Ma come stanno veramente le cose? Noi italiane ci sentiamo veramente un gradino sotto agli uomini, interessate più all’apparire che all’essere? La risposta è assolutamente no! Sempre Newsweek riporta nomi ed esempi di tante donne italiane che sono riuscite a sconfiggere lo stereotipo di donna quale oggetto sessuale, o addirittura la vecchia ma tanto radicata credenza secondo la quale la donna bella è stupida mentre quella brutta intelligente. Tra i nomi citati dal celebre magazine americano compare Anna Maria Mazzoni che ha avuto un ruolo fondamentale nella lotta per il riconoscimento del diritto di voto alle donne e viene considerata la fondatrice del movimento femminista in Italia; Rita Levi Montalcini, premio Nobel per la medicina e attuale membro del Parlamento ai cui lavori partecipa attivamente, a differenza di molti altri politici o politicanti impegnati in mille altre attività. Vengono citate anche Oriana Fallaci, giornalista e scrittrice, membro della resistenza al nazifascismo durante la Seconda Guerra Mondiale e poi corrispondente di guerra, Sonia Ghandi, veneta e leader politico dall’assassinio di suo marito Rajiv Ghandi e attuale Presidente del Partito del Congresso, Rosanna Capacchione, giornalista impegnata nella lotta alla criminalità organizzata. Tra le altre anche Anna Magnani, prima donna a vincere un premio Oscar e Isabella Rossellini e Sofia Loren attrici dalla fama planetaria. Vengono citate anche le stiliste Miuccia Prada e Donatella Versace per aver contribuito a diffondere il Made in Italy nel mondo insieme alle sorelle Antinori proprietarie di uno dei marchi di vino più prestigiosi e rinomati, e Emma Marcegaglia, imprenditrice italiana e prima donna ad essere nominata presidente di Confindustria. Nominata anche la Première dame di Francia Carla Bruni, per meriti più di gossip che artistici o forse nominata solo per non essere una simpatizzante berlusconiana, la quale ha affermato di essere contenta di essere diventata francese dopo aver sentito la battuta del nostro Premier sull’abbronzatura di Barack Obama!
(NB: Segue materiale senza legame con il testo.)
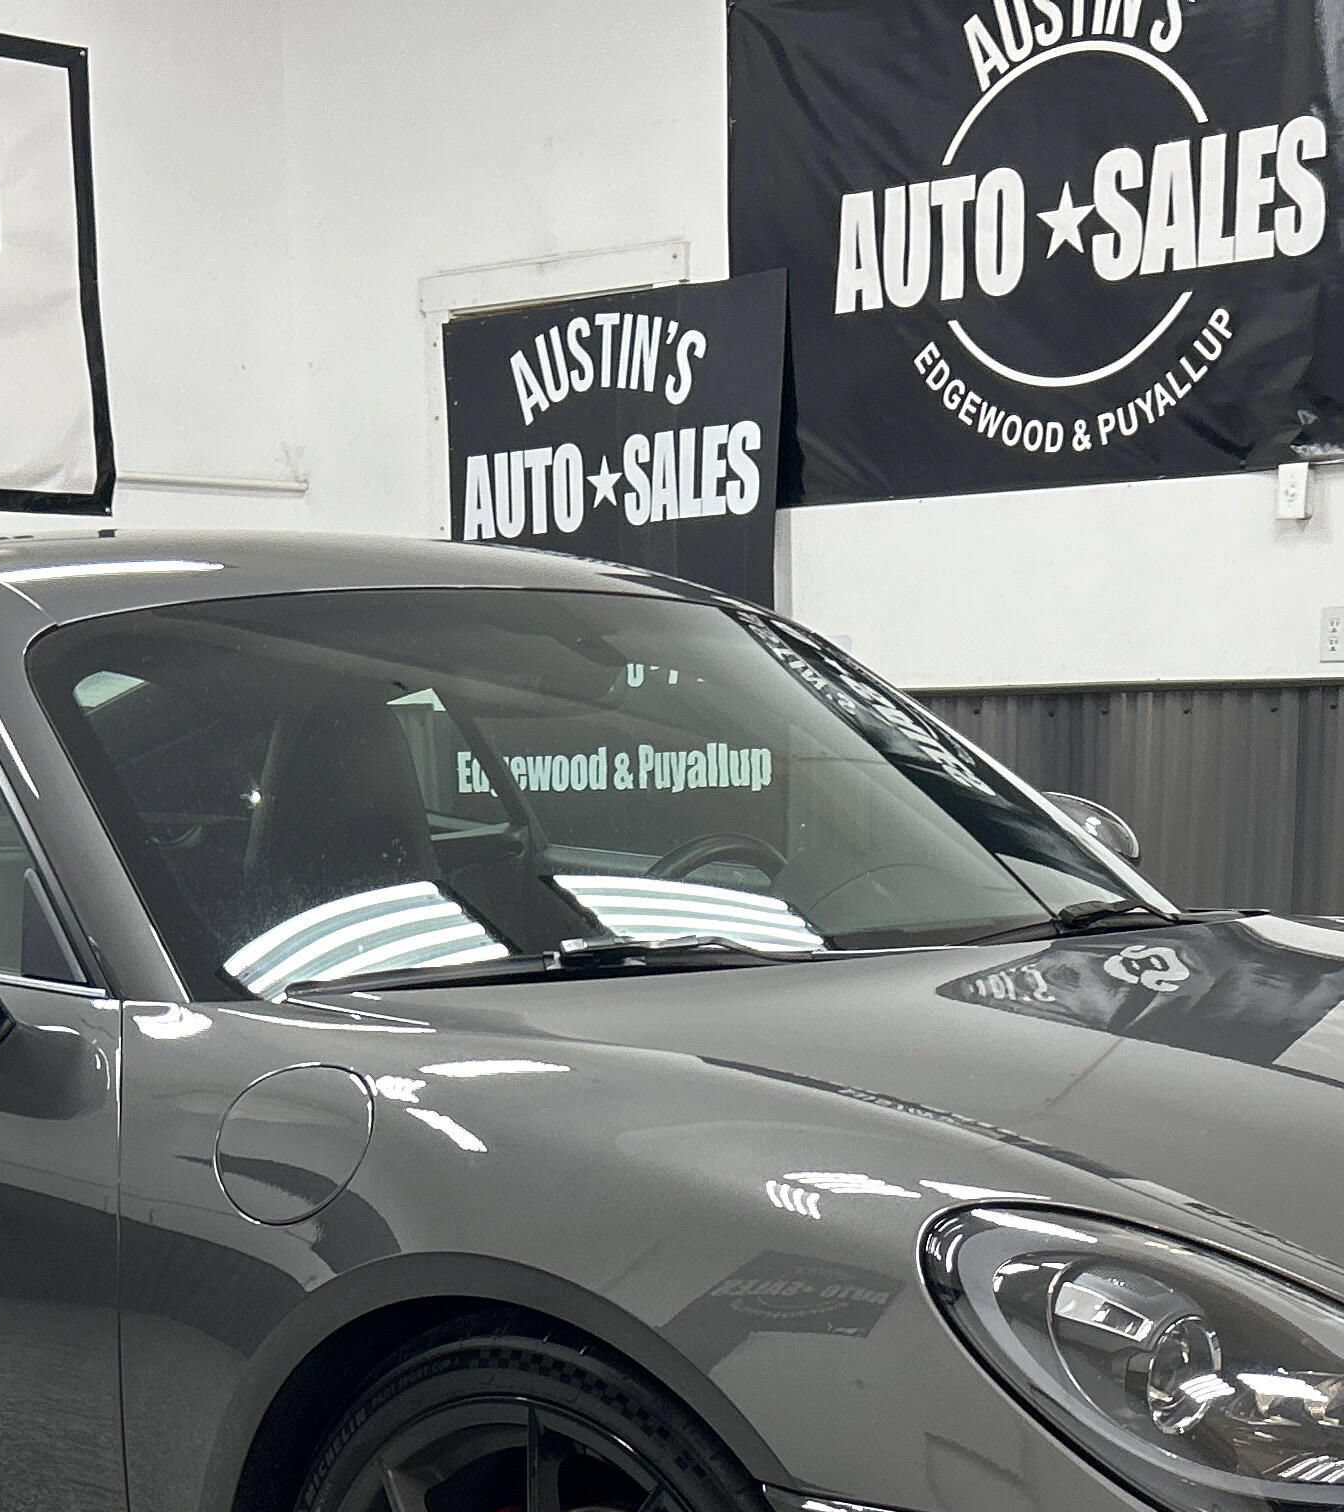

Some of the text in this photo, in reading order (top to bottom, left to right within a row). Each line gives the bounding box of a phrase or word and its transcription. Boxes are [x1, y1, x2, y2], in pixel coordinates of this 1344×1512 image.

[834, 115, 1327, 315] AUTO SALES
[509, 311, 707, 427] AUSTIN'S
[913, 307, 1233, 453] EDGEWOOD & PUYALLUP
[463, 420, 762, 542] AUTO SALES
[456, 742, 773, 798] Eewood & Puyallup
[305, 1407, 367, 1507] MICHELIN
Le donne italiane, con una fine intelligenza, cultura, istruzione, sensibilità, che lavorano, studiano e contribuiscono o hanno contribuito a fare grande l’Italia sono milioni, siamo tutte noi e sta a noi continuare a darci da fare perché le disuguaglianze di genere, ancora non completamente sconfitte, non abbiano il sopravvento. Le donne sono intelligenti e sensibili e certamente in grado di raggiungere traguardi e obiettivi che vanno ben oltre la preparazione di una buona cenetta, la pulizia della casa o l’accudire i figli e talvolta pure i mariti! Le donne italiane e le donne in generale dovrebbero credere più in sé stesse, fare fronte comune e lottare contro le disuguaglianze di genere facendo sentire la propria voce. Non più solo angeli del focolare o del talamo ma persone pari agli uomini.